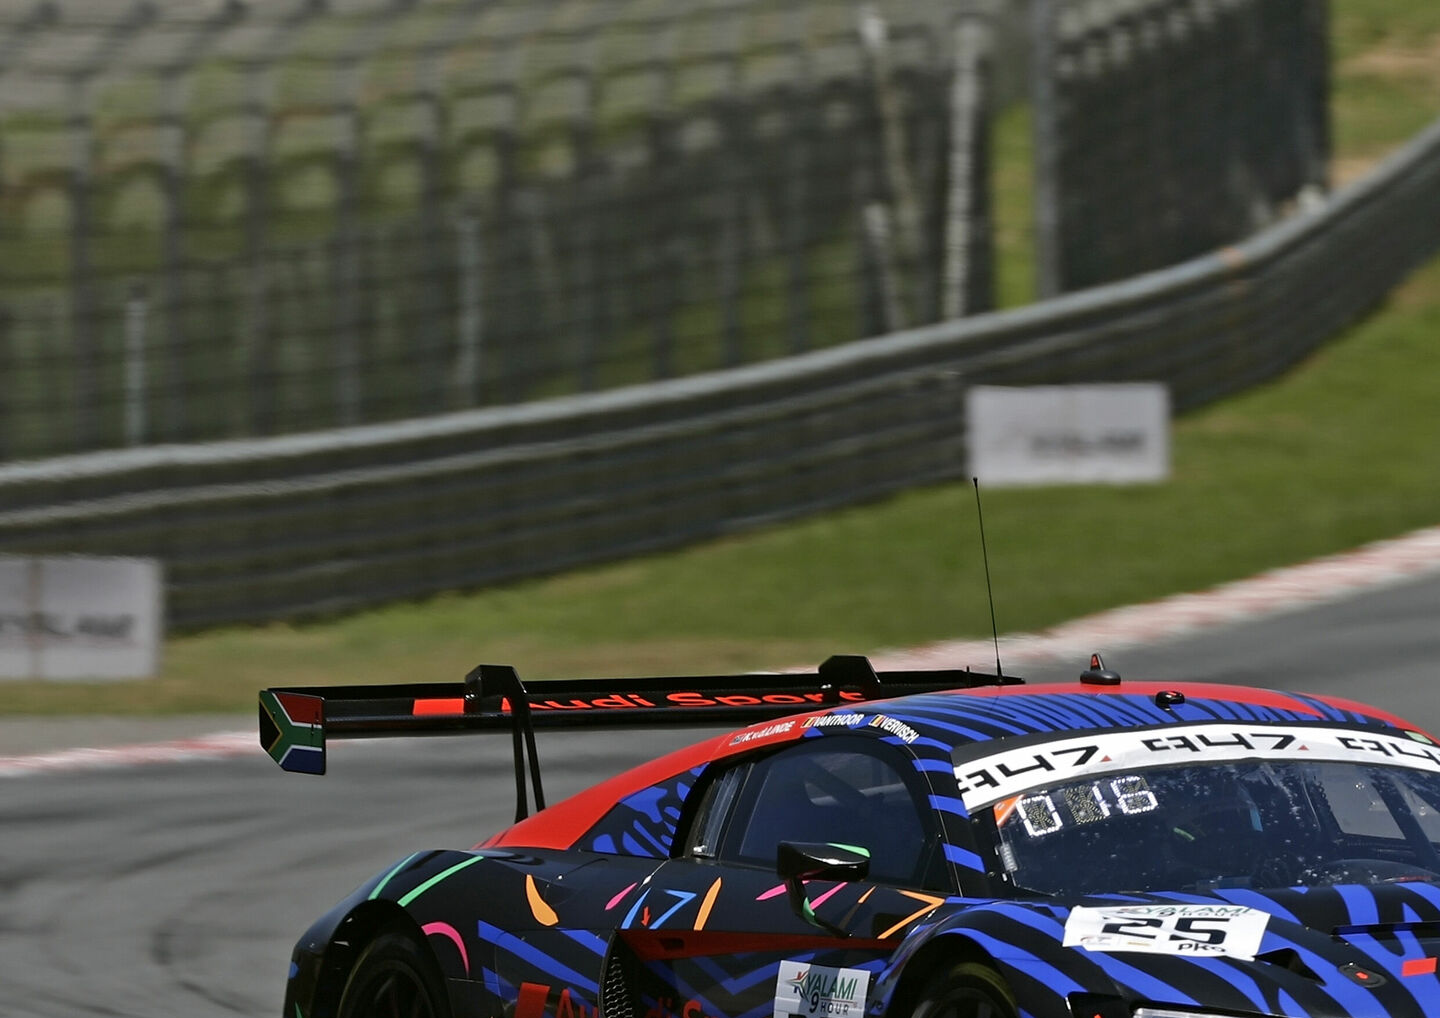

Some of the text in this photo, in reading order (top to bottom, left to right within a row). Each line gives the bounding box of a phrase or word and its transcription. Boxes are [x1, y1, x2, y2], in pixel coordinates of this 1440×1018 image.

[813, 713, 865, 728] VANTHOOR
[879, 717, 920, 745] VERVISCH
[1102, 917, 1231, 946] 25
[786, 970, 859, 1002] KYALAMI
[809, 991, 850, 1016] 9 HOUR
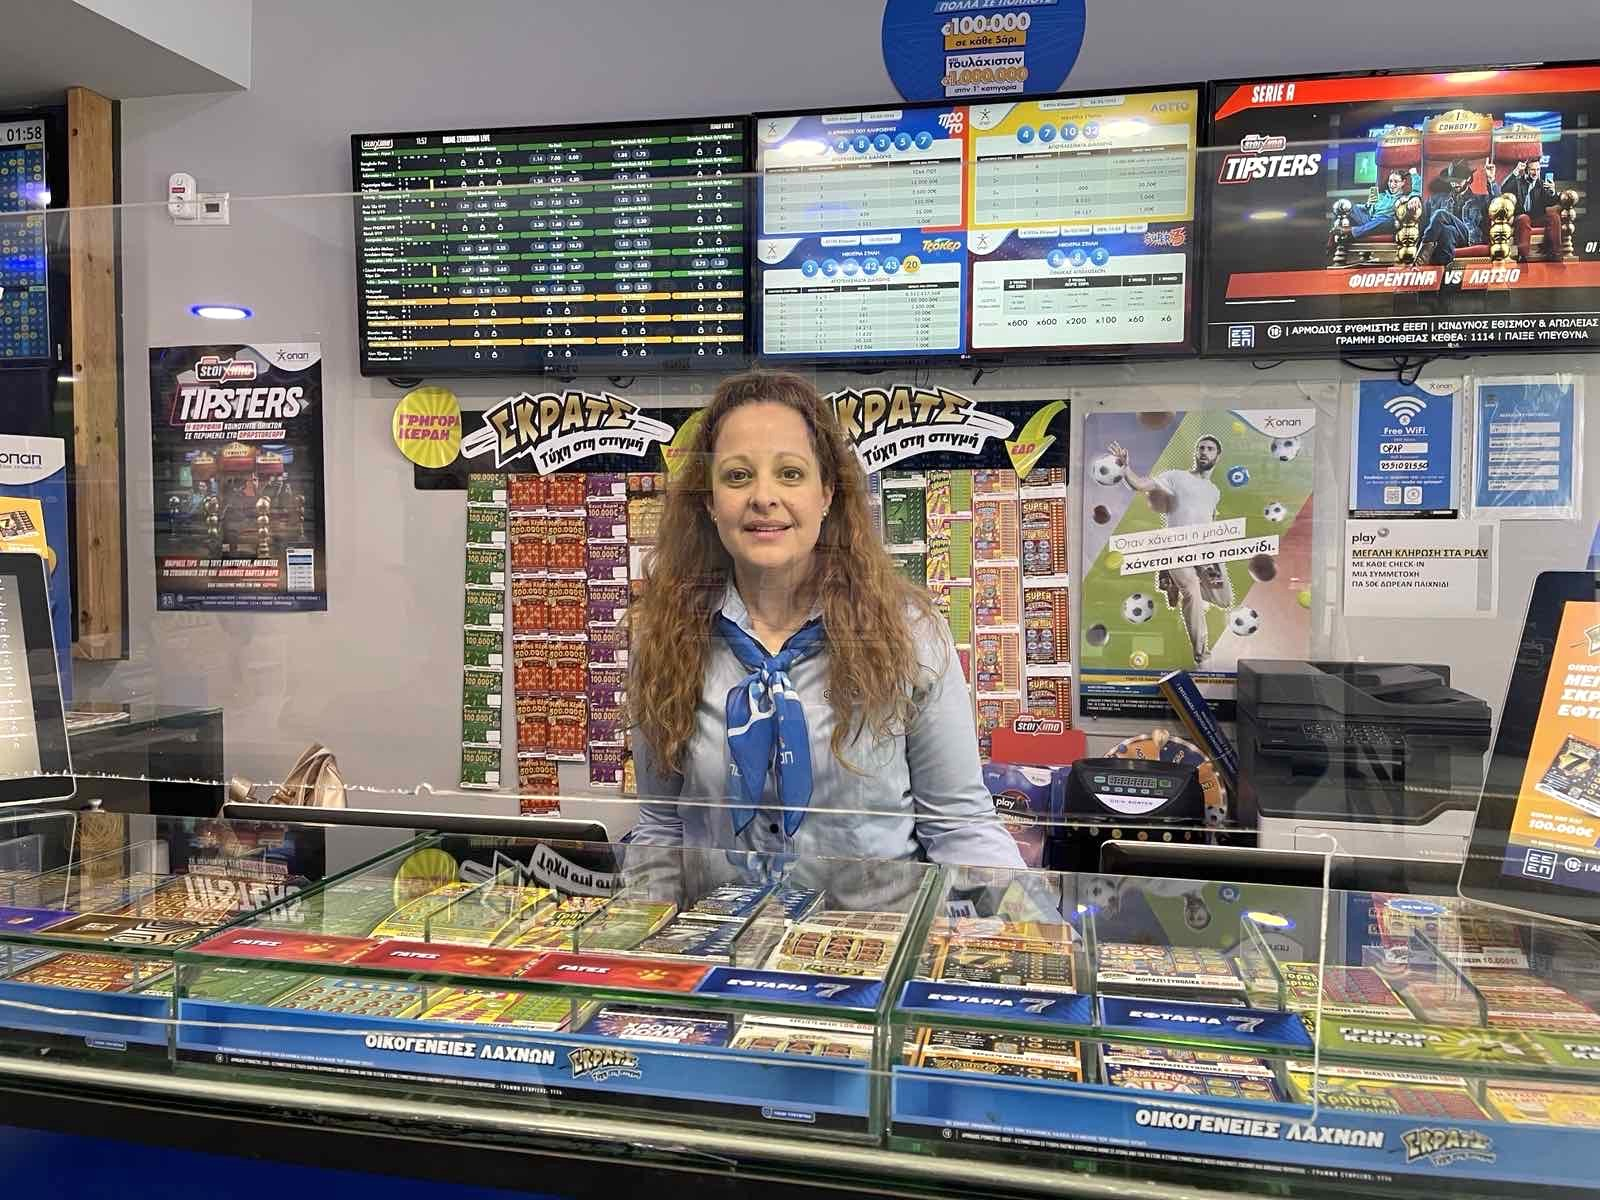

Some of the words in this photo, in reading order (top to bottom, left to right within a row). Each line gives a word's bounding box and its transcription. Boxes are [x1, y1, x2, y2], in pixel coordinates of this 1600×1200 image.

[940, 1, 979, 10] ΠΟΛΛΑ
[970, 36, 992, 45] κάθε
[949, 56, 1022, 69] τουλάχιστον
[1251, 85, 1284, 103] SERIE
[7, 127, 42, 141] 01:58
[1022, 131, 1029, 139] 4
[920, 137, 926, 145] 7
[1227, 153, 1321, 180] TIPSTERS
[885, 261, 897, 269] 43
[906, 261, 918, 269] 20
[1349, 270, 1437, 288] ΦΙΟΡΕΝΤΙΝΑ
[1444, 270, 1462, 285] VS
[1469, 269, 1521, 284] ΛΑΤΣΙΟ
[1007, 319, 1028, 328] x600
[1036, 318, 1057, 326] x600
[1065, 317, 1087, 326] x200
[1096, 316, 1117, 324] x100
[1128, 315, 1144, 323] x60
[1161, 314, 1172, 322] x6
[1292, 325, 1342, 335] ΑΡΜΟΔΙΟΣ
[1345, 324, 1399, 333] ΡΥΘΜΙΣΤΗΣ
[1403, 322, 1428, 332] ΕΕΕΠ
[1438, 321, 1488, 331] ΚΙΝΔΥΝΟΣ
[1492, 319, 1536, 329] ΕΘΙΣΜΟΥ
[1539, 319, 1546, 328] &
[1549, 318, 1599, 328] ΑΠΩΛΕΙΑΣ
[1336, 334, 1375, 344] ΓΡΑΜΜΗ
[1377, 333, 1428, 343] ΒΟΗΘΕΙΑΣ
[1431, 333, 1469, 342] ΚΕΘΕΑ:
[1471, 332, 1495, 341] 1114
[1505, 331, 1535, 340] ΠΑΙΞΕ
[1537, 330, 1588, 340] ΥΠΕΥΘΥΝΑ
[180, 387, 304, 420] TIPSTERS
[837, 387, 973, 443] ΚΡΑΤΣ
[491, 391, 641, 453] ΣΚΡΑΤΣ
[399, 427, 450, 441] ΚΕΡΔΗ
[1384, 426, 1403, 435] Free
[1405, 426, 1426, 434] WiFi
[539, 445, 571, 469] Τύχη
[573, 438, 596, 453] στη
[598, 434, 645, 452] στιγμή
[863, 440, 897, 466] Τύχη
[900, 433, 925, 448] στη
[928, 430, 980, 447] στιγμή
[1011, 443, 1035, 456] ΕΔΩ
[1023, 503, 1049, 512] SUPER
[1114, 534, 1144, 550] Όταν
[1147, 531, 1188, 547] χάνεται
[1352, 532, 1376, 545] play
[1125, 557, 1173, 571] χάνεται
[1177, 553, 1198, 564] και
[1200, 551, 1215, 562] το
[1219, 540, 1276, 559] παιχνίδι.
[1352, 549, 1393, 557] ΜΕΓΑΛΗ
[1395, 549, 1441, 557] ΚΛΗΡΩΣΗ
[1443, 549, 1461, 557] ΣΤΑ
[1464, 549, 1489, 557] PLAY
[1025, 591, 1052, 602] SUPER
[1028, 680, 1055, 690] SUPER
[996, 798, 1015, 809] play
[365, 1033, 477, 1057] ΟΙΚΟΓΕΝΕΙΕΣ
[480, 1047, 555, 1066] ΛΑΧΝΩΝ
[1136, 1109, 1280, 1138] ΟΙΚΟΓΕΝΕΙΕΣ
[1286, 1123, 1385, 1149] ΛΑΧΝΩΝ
....
• EXERCISE:
Give every record again exactly, apart from the pictures, which stay out.

• RESPONSE TO THIS TASK:
Some of the text in this photo, in reading order (top to bottom, left to right within a row). Each line gives the bounding box of a phrase or word and its transcription. Boxes are [x1, y1, x2, y2], in pixel coordinates of this 1440×1018 image.

[813, 713, 865, 728] VANTHOOR
[879, 717, 920, 745] VERVISCH
[1102, 917, 1231, 946] 25
[786, 970, 859, 1002] KYALAMI
[809, 991, 850, 1016] 9 HOUR

Some of the words in this photo, in reading order (top to bottom, left to right within a row). Each line gives a word's bounding box and its transcription. Boxes are [x1, y1, x2, y2], in pixel coordinates of this 1600×1200 image.

[940, 1, 979, 10] ΠΟΛΛΑ
[970, 36, 992, 45] κάθε
[949, 56, 1022, 69] τουλάχιστον
[1251, 85, 1284, 103] SERIE
[7, 127, 42, 141] 01:58
[1022, 131, 1029, 139] 4
[920, 137, 926, 145] 7
[1227, 153, 1321, 180] TIPSTERS
[885, 261, 897, 269] 43
[906, 261, 918, 269] 20
[1349, 270, 1437, 288] ΦΙΟΡΕΝΤΙΝΑ
[1444, 270, 1462, 285] VS
[1469, 269, 1521, 284] ΛΑΤΣΙΟ
[1007, 319, 1028, 328] x600
[1036, 318, 1057, 326] x600
[1065, 317, 1087, 326] x200
[1096, 316, 1117, 324] x100
[1128, 315, 1144, 323] x60
[1161, 314, 1172, 322] x6
[1292, 325, 1342, 335] ΑΡΜΟΔΙΟΣ
[1345, 324, 1399, 333] ΡΥΘΜΙΣΤΗΣ
[1403, 322, 1428, 332] ΕΕΕΠ
[1438, 321, 1488, 331] ΚΙΝΔΥΝΟΣ
[1492, 319, 1536, 329] ΕΘΙΣΜΟΥ
[1539, 319, 1546, 328] &
[1549, 318, 1599, 328] ΑΠΩΛΕΙΑΣ
[1336, 334, 1375, 344] ΓΡΑΜΜΗ
[1377, 333, 1428, 343] ΒΟΗΘΕΙΑΣ
[1431, 333, 1469, 342] ΚΕΘΕΑ:
[1471, 332, 1495, 341] 1114
[1505, 331, 1535, 340] ΠΑΙΞΕ
[1537, 330, 1588, 340] ΥΠΕΥΘΥΝΑ
[180, 387, 304, 420] TIPSTERS
[837, 387, 973, 443] ΚΡΑΤΣ
[491, 391, 641, 453] ΣΚΡΑΤΣ
[399, 427, 450, 441] ΚΕΡΔΗ
[1384, 426, 1403, 435] Free
[1405, 426, 1426, 434] WiFi
[539, 445, 571, 469] Τύχη
[573, 438, 596, 453] στη
[598, 434, 645, 452] στιγμή
[863, 440, 897, 466] Τύχη
[900, 433, 925, 448] στη
[928, 430, 980, 447] στιγμή
[1011, 443, 1035, 456] ΕΔΩ
[1023, 503, 1049, 512] SUPER
[1114, 534, 1144, 550] Όταν
[1147, 531, 1188, 547] χάνεται
[1352, 532, 1376, 545] play
[1125, 557, 1173, 571] χάνεται
[1177, 553, 1198, 564] και
[1200, 551, 1215, 562] το
[1219, 540, 1276, 559] παιχνίδι.
[1352, 549, 1393, 557] ΜΕΓΑΛΗ
[1395, 549, 1441, 557] ΚΛΗΡΩΣΗ
[1443, 549, 1461, 557] ΣΤΑ
[1464, 549, 1489, 557] PLAY
[1025, 591, 1052, 602] SUPER
[1028, 680, 1055, 690] SUPER
[996, 798, 1015, 809] play
[365, 1033, 477, 1057] ΟΙΚΟΓΕΝΕΙΕΣ
[480, 1047, 555, 1066] ΛΑΧΝΩΝ
[1136, 1109, 1280, 1138] ΟΙΚΟΓΕΝΕΙΕΣ
[1286, 1123, 1385, 1149] ΛΑΧΝΩΝ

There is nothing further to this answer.